■ **Exercise prompt**:
The reply should hold every line of the listing exactly, and none of its images.

■ **Listed records**:
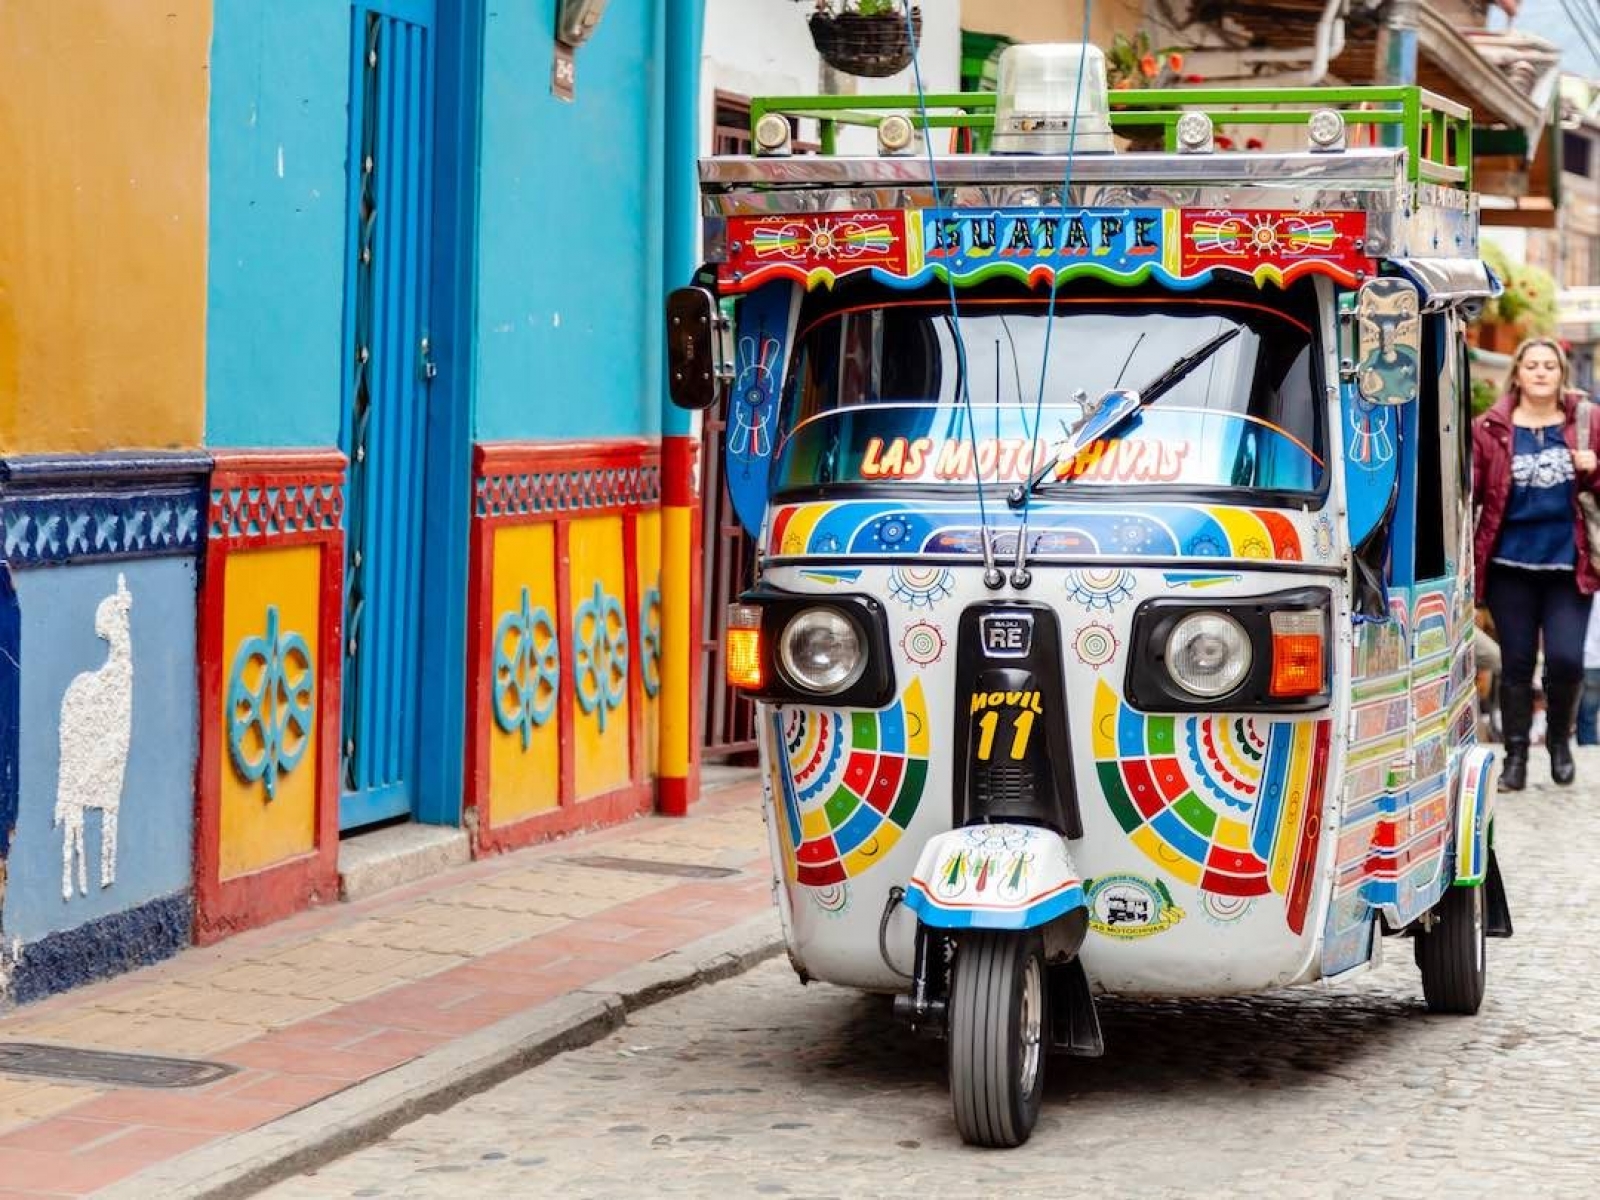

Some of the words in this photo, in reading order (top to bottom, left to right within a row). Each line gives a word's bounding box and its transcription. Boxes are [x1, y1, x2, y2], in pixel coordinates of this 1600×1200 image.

[927, 216, 1160, 256] GUATAPE
[860, 435, 934, 480] LAS
[989, 627, 1023, 648] RE
[970, 690, 1044, 715] MOVIL
[977, 710, 1035, 761] 11

■ **Response for this exercise**:
Some of the words in this photo, in reading order (top to bottom, left to right within a row). Each line gives a word's bounding box and its transcription. Boxes are [x1, y1, x2, y2], in pixel coordinates of this 1600×1200 image.

[927, 216, 1160, 256] GUATAPE
[860, 435, 934, 480] LAS
[989, 627, 1023, 648] RE
[970, 690, 1044, 715] MOVIL
[977, 710, 1035, 761] 11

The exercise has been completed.